(Stored data entries)
::::

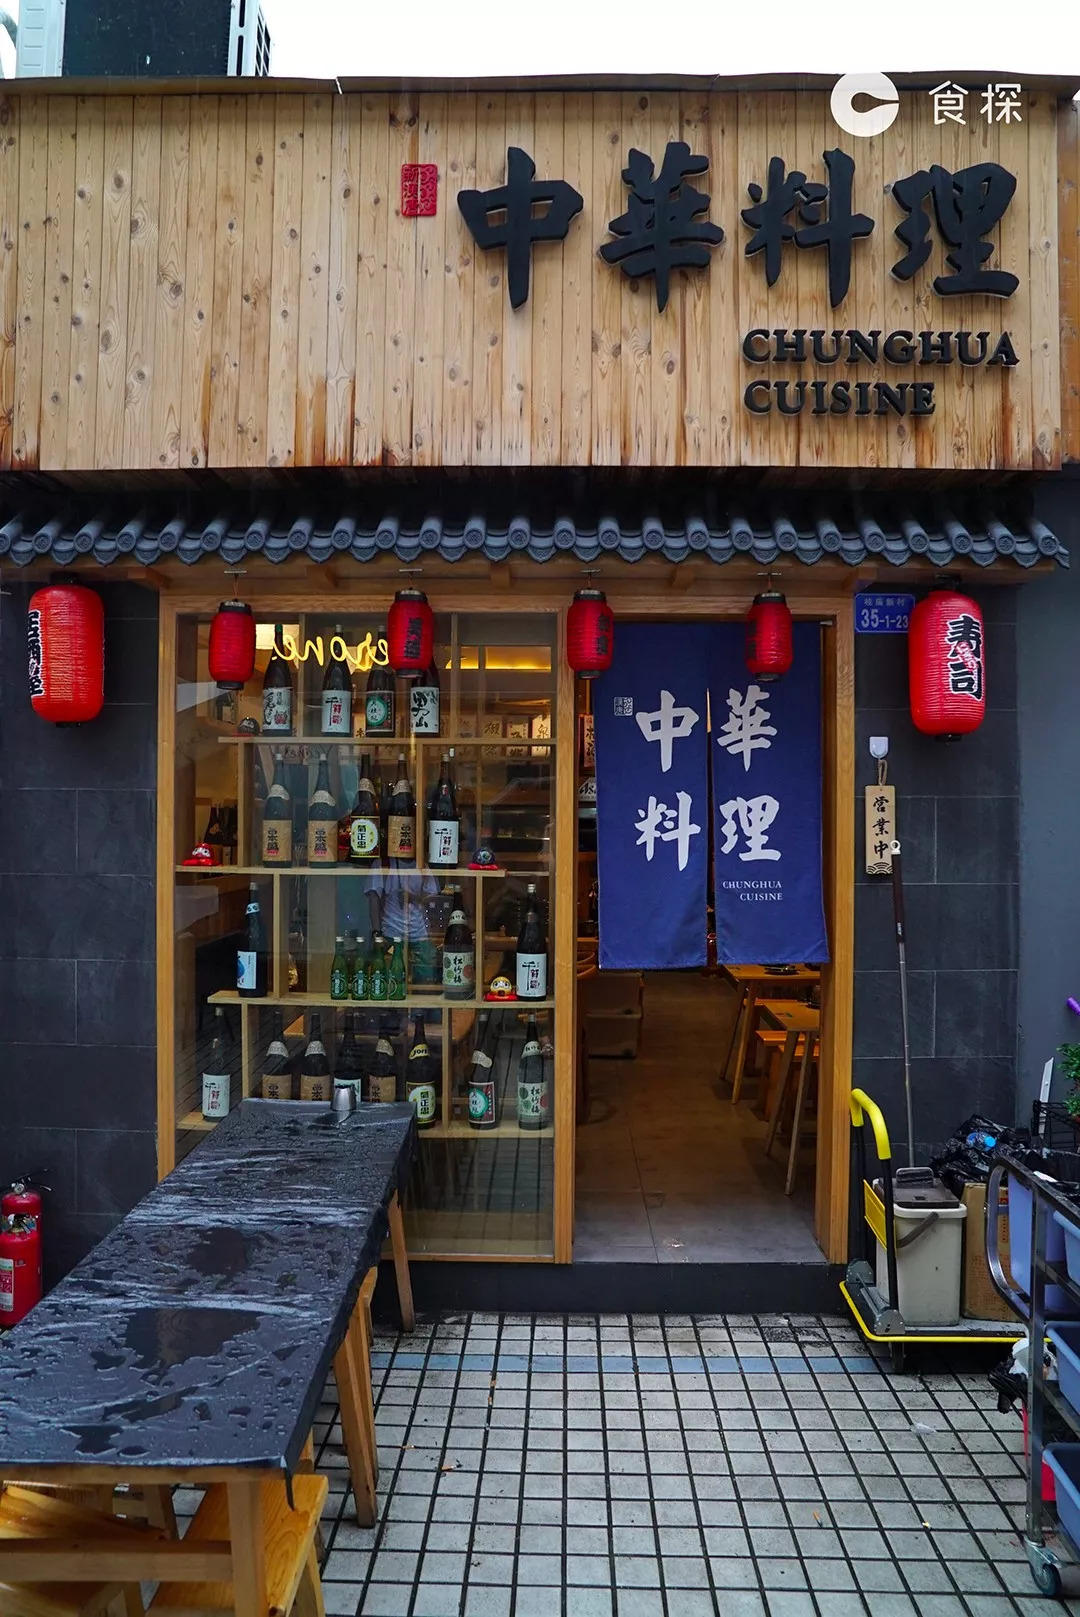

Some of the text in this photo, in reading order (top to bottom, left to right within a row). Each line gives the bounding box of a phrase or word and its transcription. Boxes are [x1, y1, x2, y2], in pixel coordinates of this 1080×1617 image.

[457, 142, 1020, 313] 中華料理
[742, 328, 1020, 366] CHUNGHUA
[743, 379, 937, 416] CUISINE
[860, 608, 909, 629] 35-1-23
[945, 613, 983, 701] 寿司
[579, 783, 597, 796] As
[722, 880, 782, 889] CHUNGHUA
[739, 892, 783, 901] CUISINE
[452, 955, 464, 984] 松竹梅
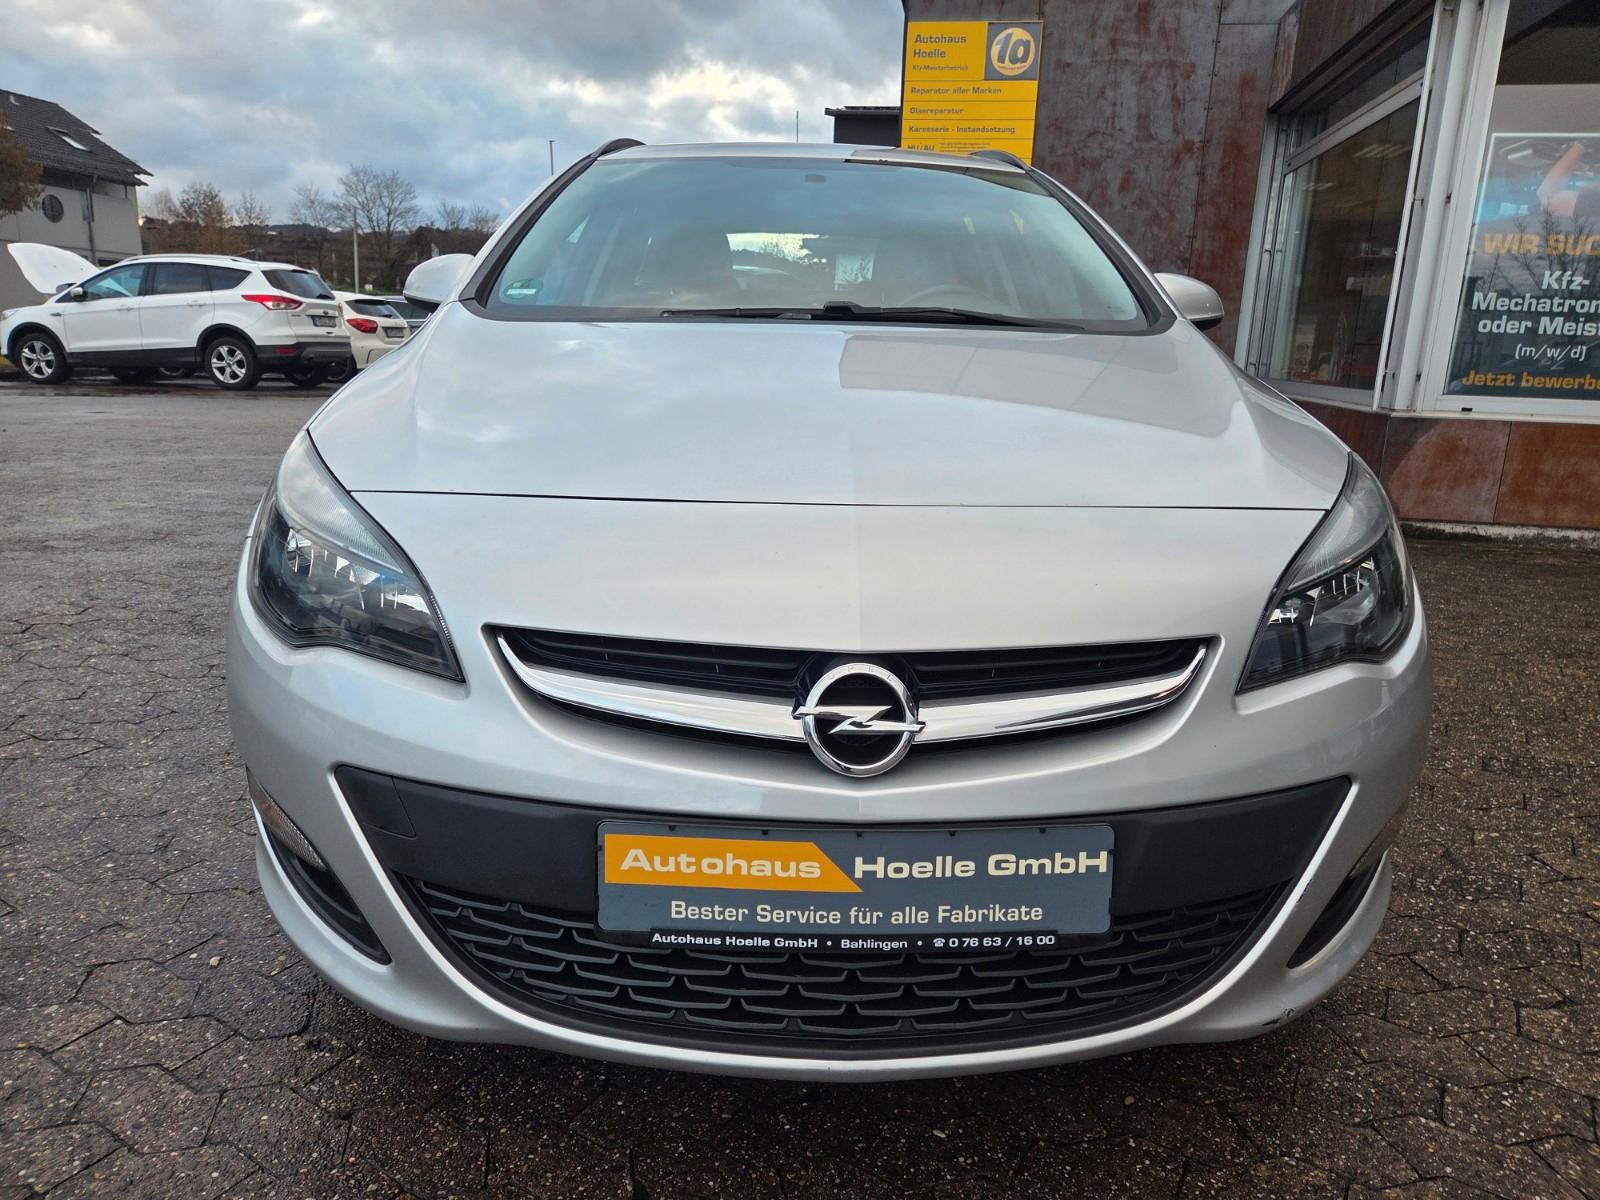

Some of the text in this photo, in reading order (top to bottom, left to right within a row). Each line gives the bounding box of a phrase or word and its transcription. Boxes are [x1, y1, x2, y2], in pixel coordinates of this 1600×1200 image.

[914, 34, 967, 44] Autohaus
[995, 32, 1031, 64] 1a
[912, 48, 946, 58] Hoelle
[911, 87, 950, 95] Reparatur
[909, 107, 964, 115] Glasreparatur
[956, 126, 1016, 134] Instandsetzung
[1483, 233, 1541, 256] WIR
[1541, 270, 1591, 290] Kfz-
[1477, 315, 1600, 336] oder Meis
[1514, 343, 1588, 361] (m/w/d)
[1462, 369, 1516, 387] Jetzt
[620, 848, 1108, 879] Autohaus Hoelle GmbH
[670, 900, 1043, 925] Bester Service für alle Fabrikate
[652, 932, 722, 946] Autohaus
[725, 936, 771, 947] Hoelle
[774, 938, 818, 949] GmbH
[840, 938, 908, 950] Bahlingen

::::

Would you restate the records above word for word and exclude the pictures?

Some of the text in this photo, in reading order (top to bottom, left to right within a row). Each line gives the bounding box of a phrase or word and its transcription. Boxes are [x1, y1, x2, y2], in pixel coordinates of this 1080×1617 image.

[457, 142, 1020, 313] 中華料理
[742, 328, 1020, 366] CHUNGHUA
[743, 379, 937, 416] CUISINE
[860, 608, 909, 629] 35-1-23
[945, 613, 983, 701] 寿司
[579, 783, 597, 796] As
[722, 880, 782, 889] CHUNGHUA
[739, 892, 783, 901] CUISINE
[452, 955, 464, 984] 松竹梅

Some of the text in this photo, in reading order (top to bottom, left to right within a row). Each line gives the bounding box of a phrase or word and its transcription. Boxes are [x1, y1, x2, y2], in pixel coordinates of this 1600×1200 image.

[914, 34, 967, 44] Autohaus
[995, 32, 1031, 64] 1a
[912, 48, 946, 58] Hoelle
[911, 87, 950, 95] Reparatur
[909, 107, 964, 115] Glasreparatur
[956, 126, 1016, 134] Instandsetzung
[1483, 233, 1541, 256] WIR
[1541, 270, 1591, 290] Kfz-
[1477, 315, 1600, 336] oder Meis
[1514, 343, 1588, 361] (m/w/d)
[1462, 369, 1516, 387] Jetzt
[620, 848, 1108, 879] Autohaus Hoelle GmbH
[670, 900, 1043, 925] Bester Service für alle Fabrikate
[652, 932, 722, 946] Autohaus
[725, 936, 771, 947] Hoelle
[774, 938, 818, 949] GmbH
[840, 938, 908, 950] Bahlingen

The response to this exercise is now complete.